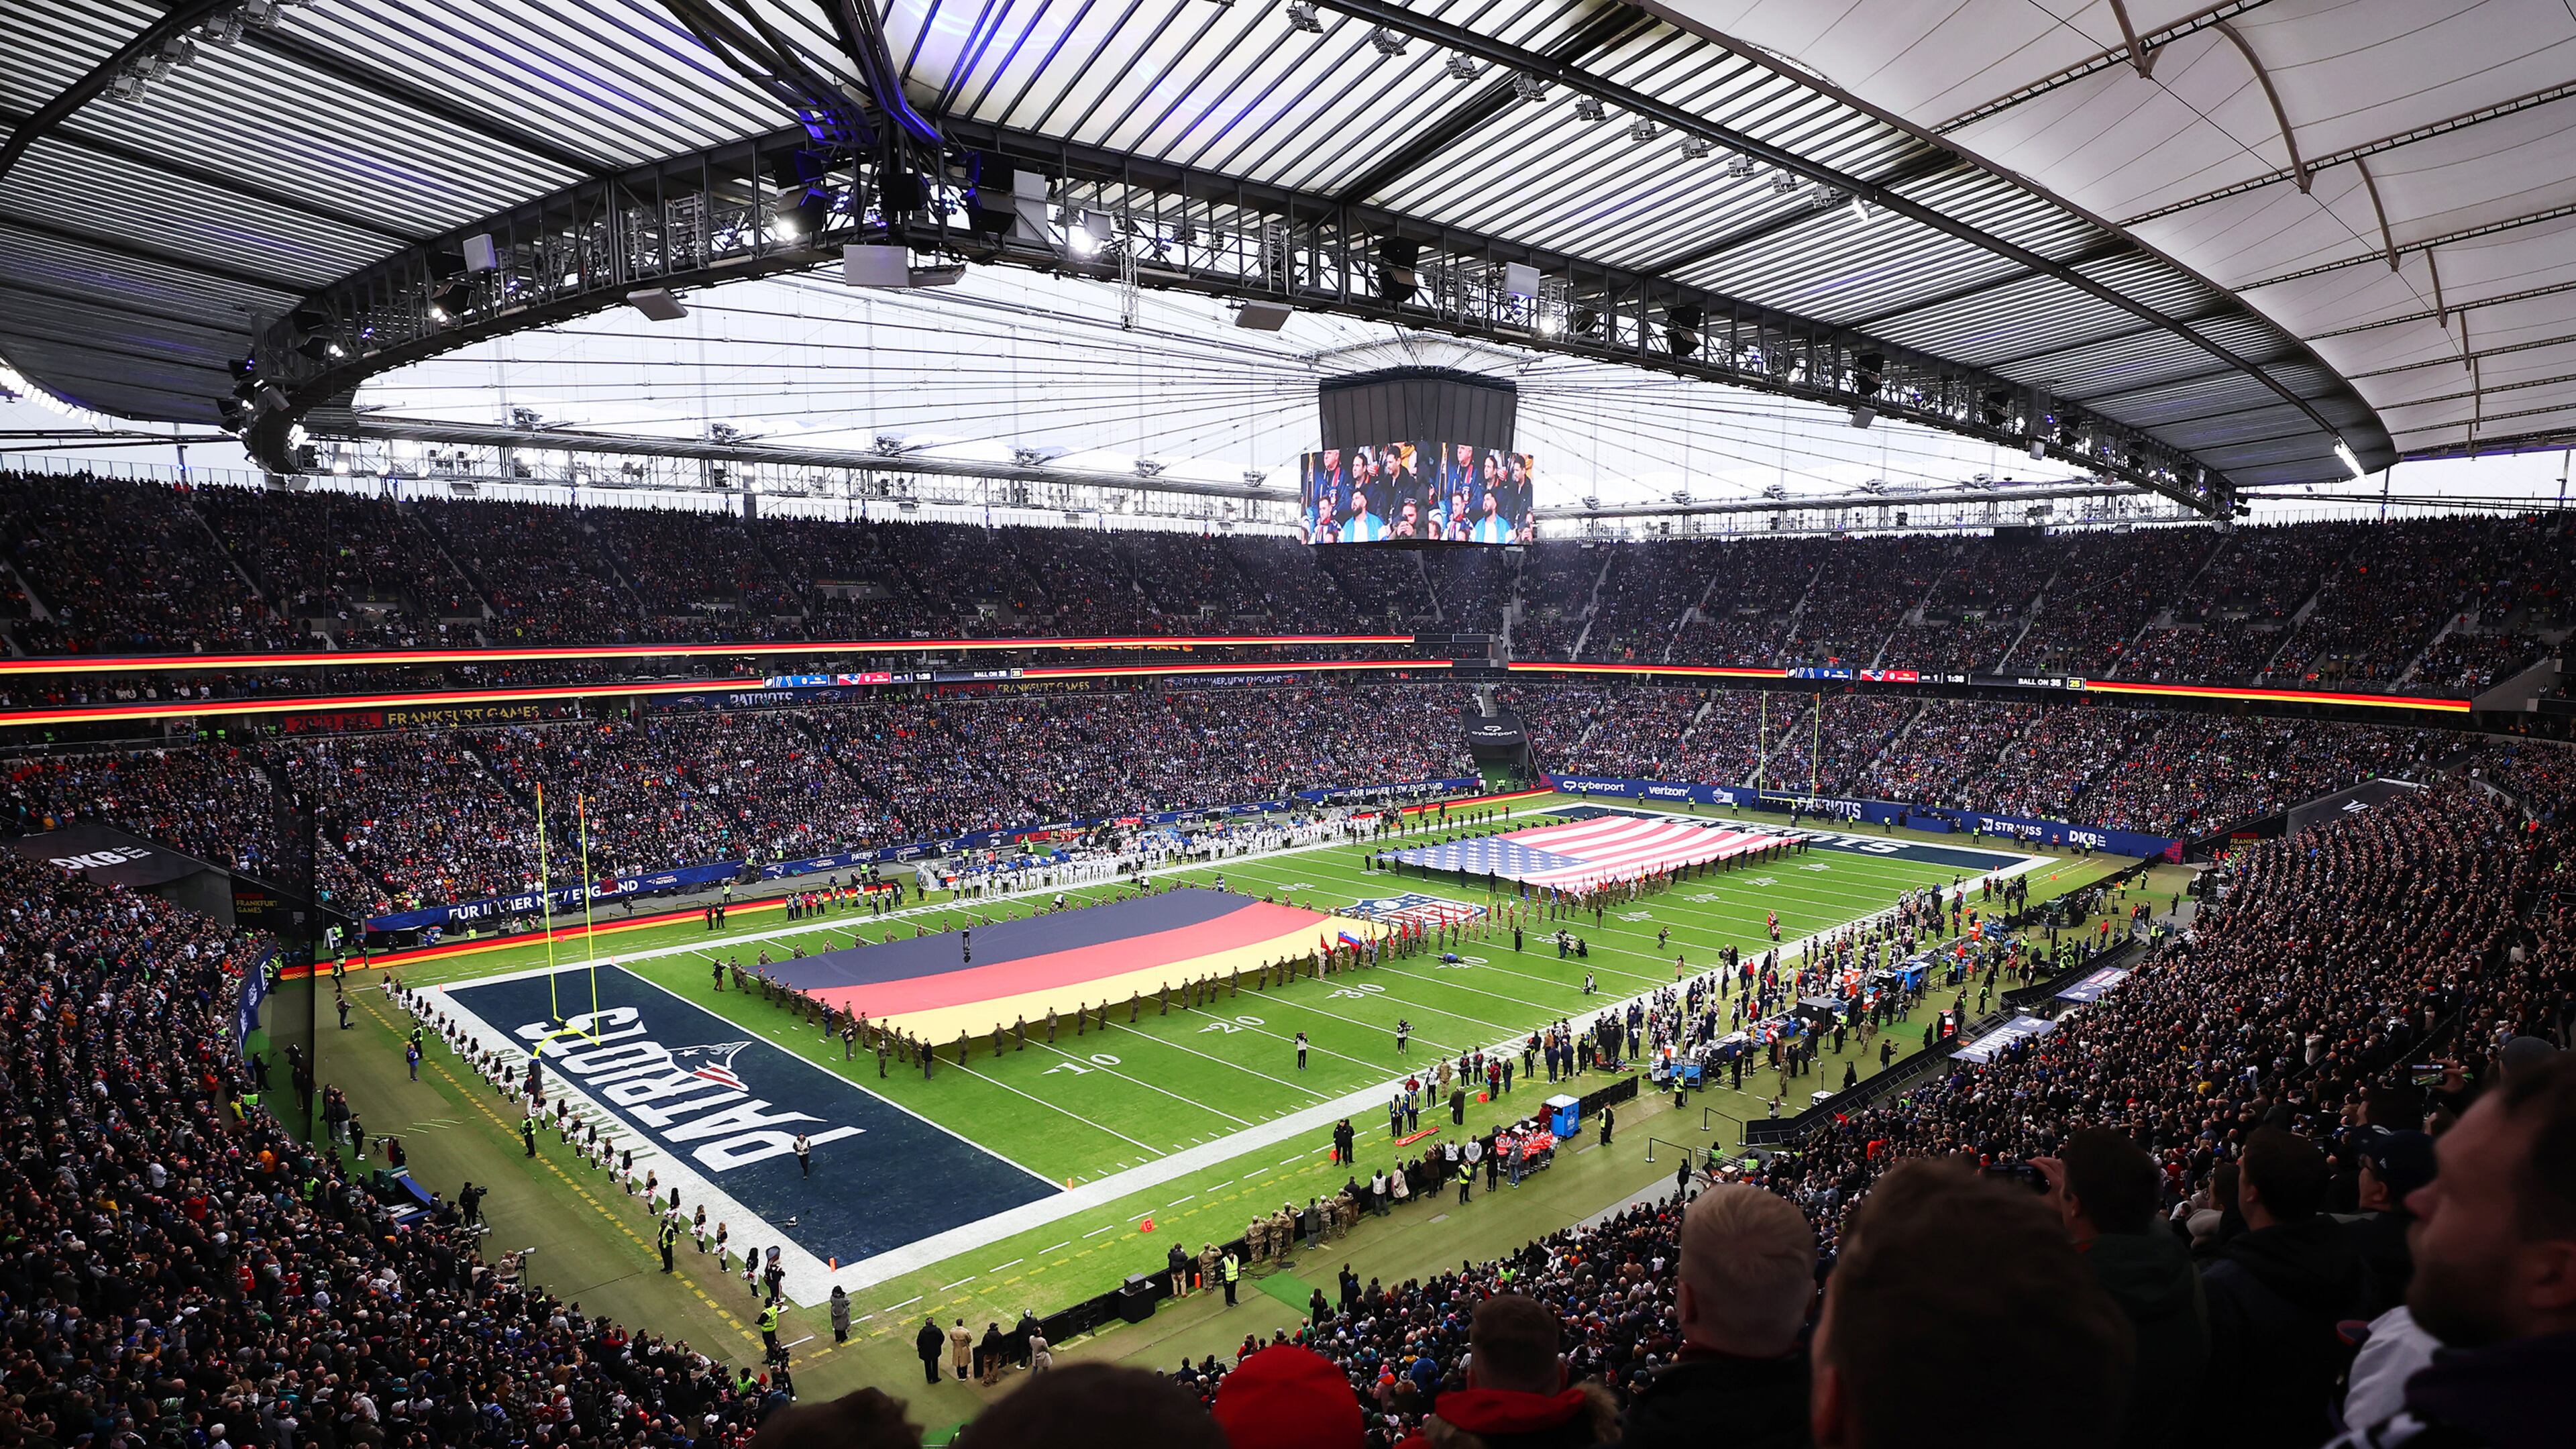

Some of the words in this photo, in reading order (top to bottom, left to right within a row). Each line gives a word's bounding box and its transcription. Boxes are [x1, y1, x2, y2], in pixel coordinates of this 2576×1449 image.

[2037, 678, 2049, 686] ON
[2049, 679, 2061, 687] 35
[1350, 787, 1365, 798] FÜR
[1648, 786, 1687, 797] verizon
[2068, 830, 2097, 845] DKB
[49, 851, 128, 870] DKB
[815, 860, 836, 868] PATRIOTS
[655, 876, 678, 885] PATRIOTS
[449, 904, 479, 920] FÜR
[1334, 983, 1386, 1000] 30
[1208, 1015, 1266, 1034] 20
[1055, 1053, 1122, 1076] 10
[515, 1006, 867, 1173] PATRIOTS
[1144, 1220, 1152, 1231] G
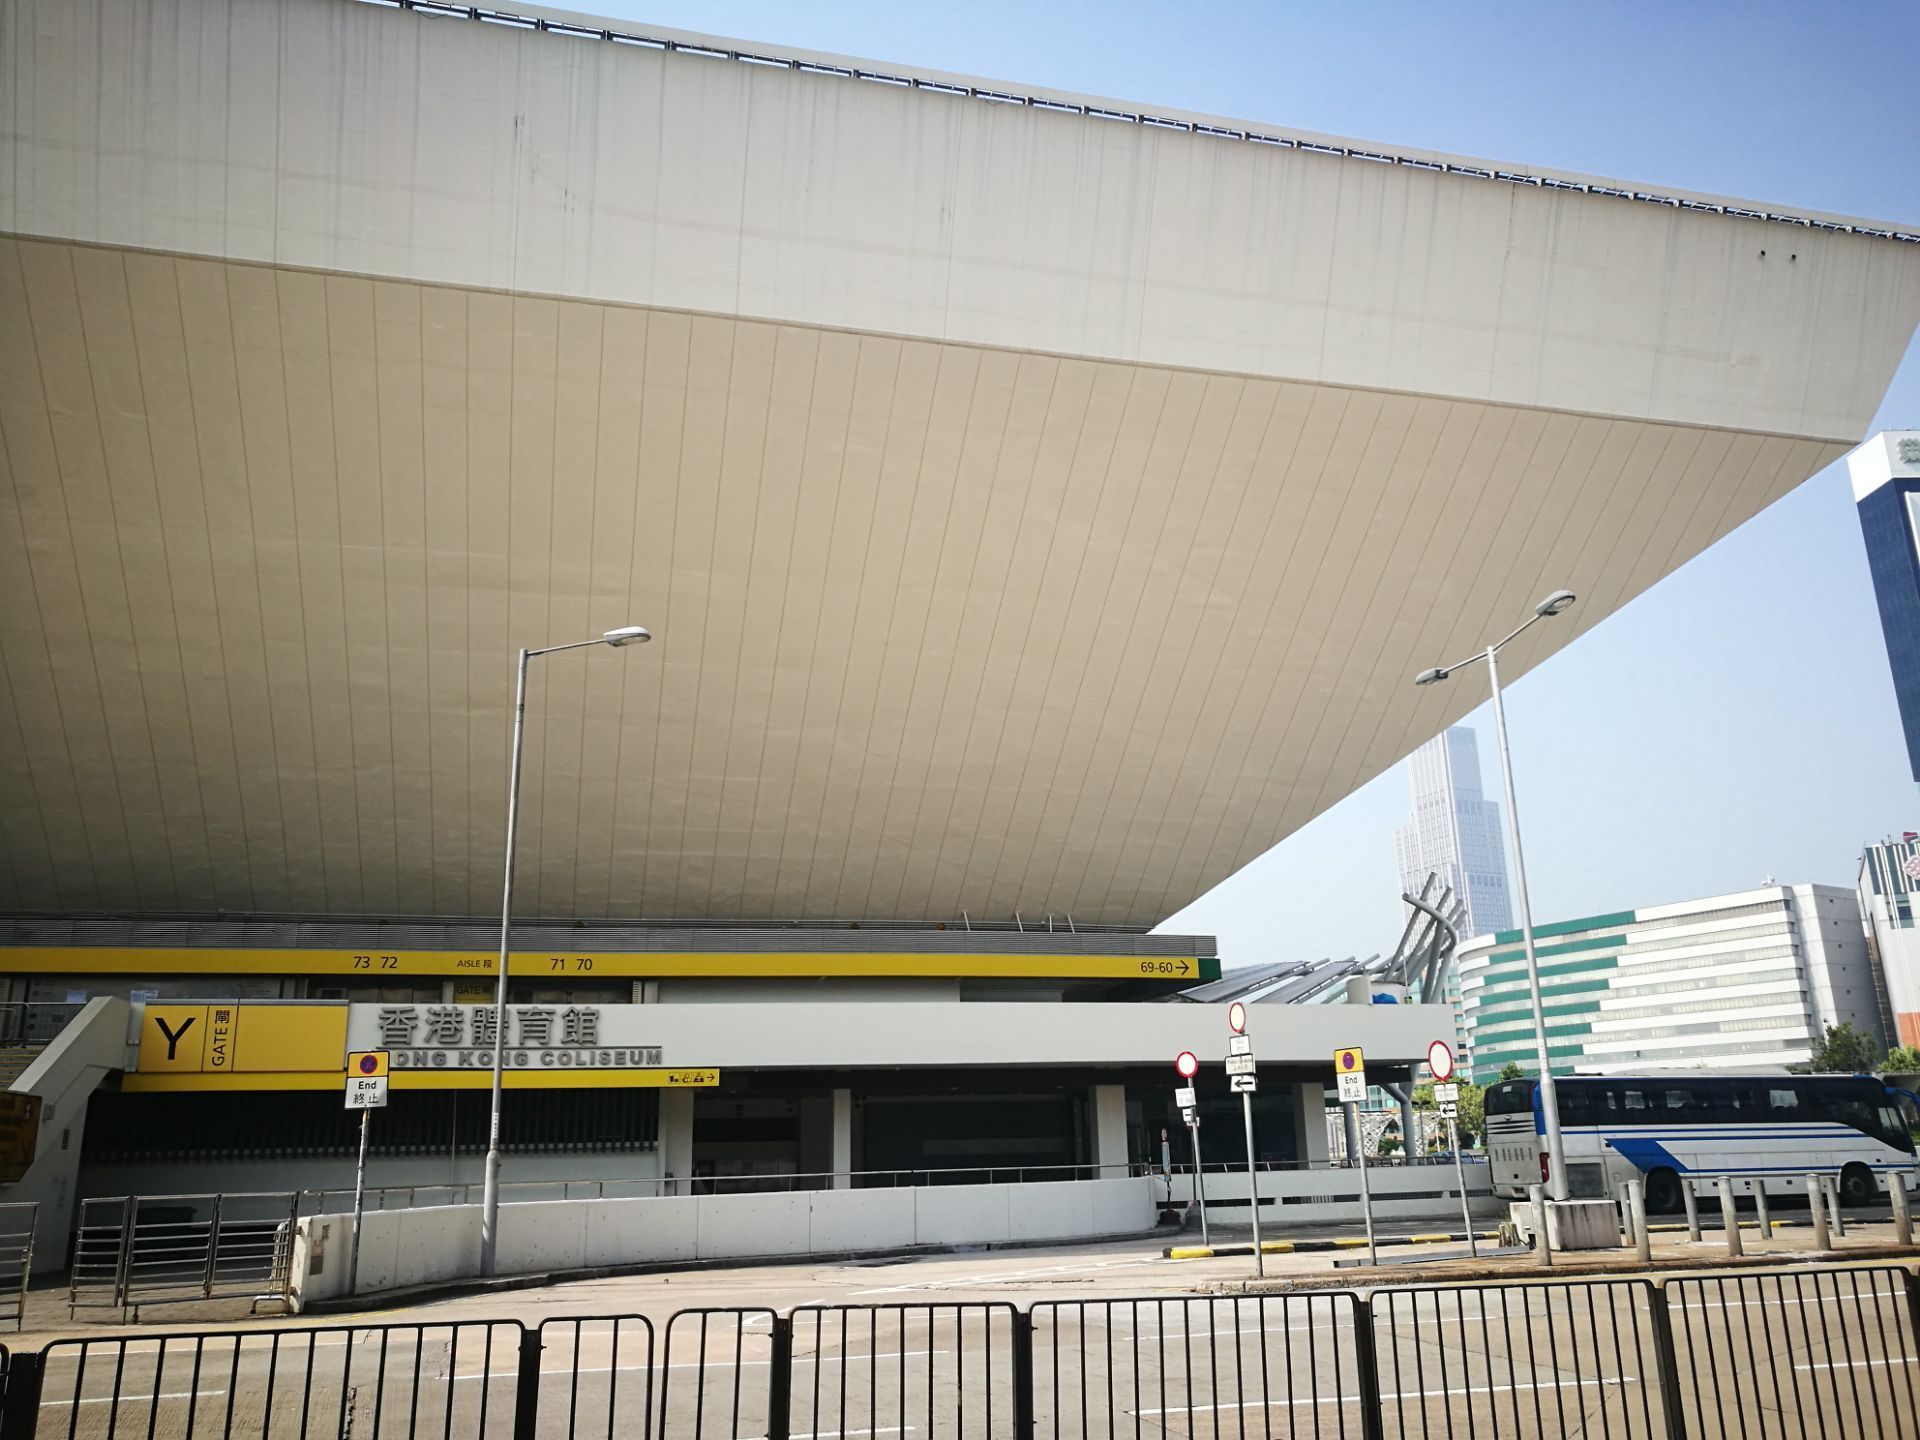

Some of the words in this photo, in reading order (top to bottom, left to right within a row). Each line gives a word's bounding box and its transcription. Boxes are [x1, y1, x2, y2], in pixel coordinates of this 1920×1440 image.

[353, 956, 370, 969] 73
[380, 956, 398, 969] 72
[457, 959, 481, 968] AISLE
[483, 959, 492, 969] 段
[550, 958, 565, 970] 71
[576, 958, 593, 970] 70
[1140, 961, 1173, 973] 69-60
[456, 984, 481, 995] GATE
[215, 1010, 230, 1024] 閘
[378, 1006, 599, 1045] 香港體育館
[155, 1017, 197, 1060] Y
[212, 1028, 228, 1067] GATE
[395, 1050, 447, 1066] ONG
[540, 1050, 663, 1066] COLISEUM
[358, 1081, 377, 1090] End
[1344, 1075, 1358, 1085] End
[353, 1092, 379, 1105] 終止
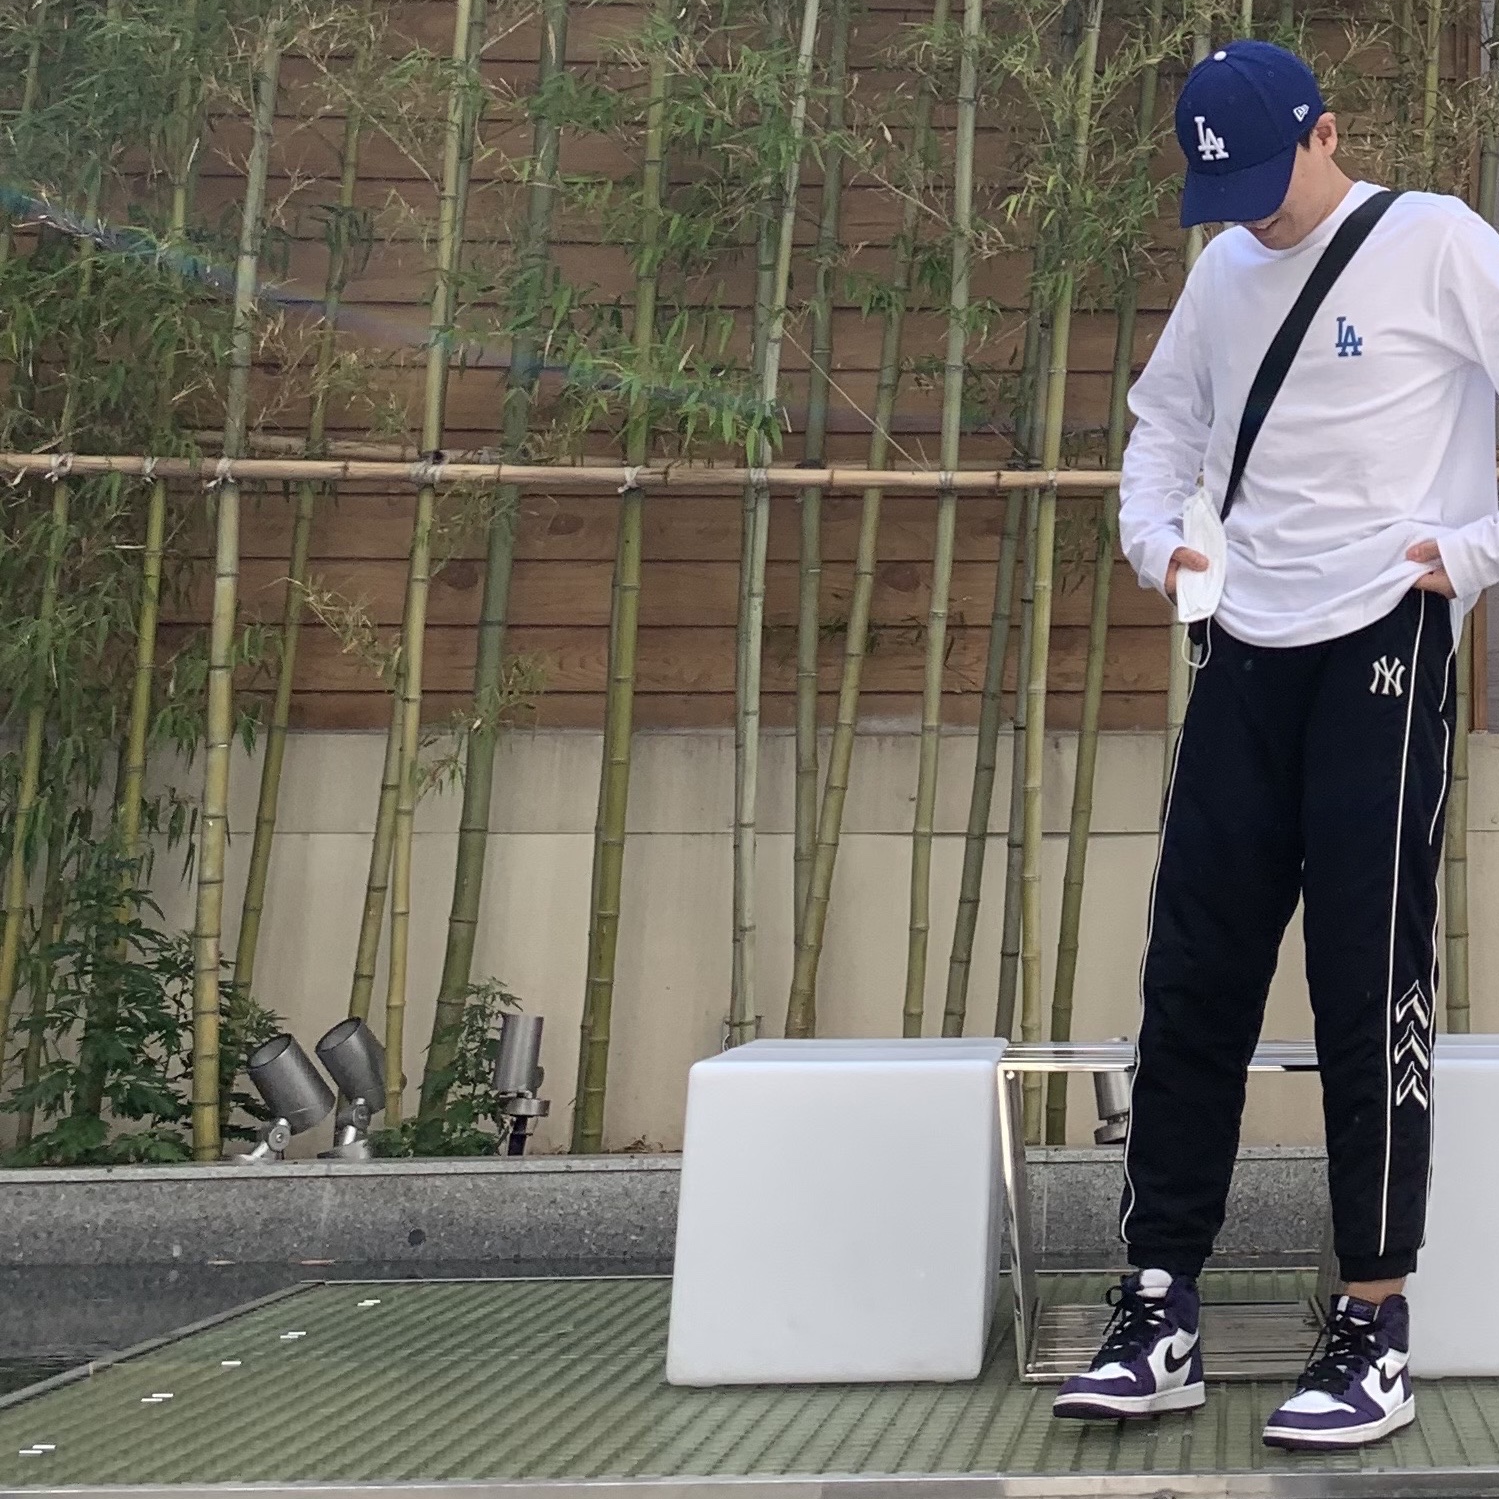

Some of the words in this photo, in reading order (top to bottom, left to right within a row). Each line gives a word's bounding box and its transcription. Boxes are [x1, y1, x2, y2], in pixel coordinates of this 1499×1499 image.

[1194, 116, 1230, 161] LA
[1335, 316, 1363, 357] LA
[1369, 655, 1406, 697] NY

★ ★ ★

* [WHAT NEEDS TO BE DONE]: All entries above must be duplicated exactly; please omit any picture they hold.

* [SOLUTION]:
Some of the words in this photo, in reading order (top to bottom, left to right within a row). Each line gives a word's bounding box and its transcription. Boxes are [x1, y1, x2, y2], in pixel coordinates of this 2576×1449 image.

[2037, 678, 2049, 686] ON
[2049, 679, 2061, 687] 35
[1350, 787, 1365, 798] FÜR
[1648, 786, 1687, 797] verizon
[2068, 830, 2097, 845] DKB
[49, 851, 128, 870] DKB
[815, 860, 836, 868] PATRIOTS
[655, 876, 678, 885] PATRIOTS
[449, 904, 479, 920] FÜR
[1334, 983, 1386, 1000] 30
[1208, 1015, 1266, 1034] 20
[1055, 1053, 1122, 1076] 10
[515, 1006, 867, 1173] PATRIOTS
[1144, 1220, 1152, 1231] G

Some of the words in this photo, in reading order (top to bottom, left to right within a row). Each line gives a word's bounding box and its transcription. Boxes are [x1, y1, x2, y2], in pixel coordinates of this 1920×1440 image.

[353, 956, 370, 969] 73
[380, 956, 398, 969] 72
[457, 959, 481, 968] AISLE
[483, 959, 492, 969] 段
[550, 958, 565, 970] 71
[576, 958, 593, 970] 70
[1140, 961, 1173, 973] 69-60
[456, 984, 481, 995] GATE
[215, 1010, 230, 1024] 閘
[378, 1006, 599, 1045] 香港體育館
[155, 1017, 197, 1060] Y
[212, 1028, 228, 1067] GATE
[395, 1050, 447, 1066] ONG
[540, 1050, 663, 1066] COLISEUM
[358, 1081, 377, 1090] End
[1344, 1075, 1358, 1085] End
[353, 1092, 379, 1105] 終止

Some of the words in this photo, in reading order (top to bottom, left to right within a row). Each line gives a word's bounding box and its transcription. Boxes are [x1, y1, x2, y2], in pixel coordinates of this 1499×1499 image.

[1194, 116, 1230, 161] LA
[1335, 316, 1363, 357] LA
[1369, 655, 1406, 697] NY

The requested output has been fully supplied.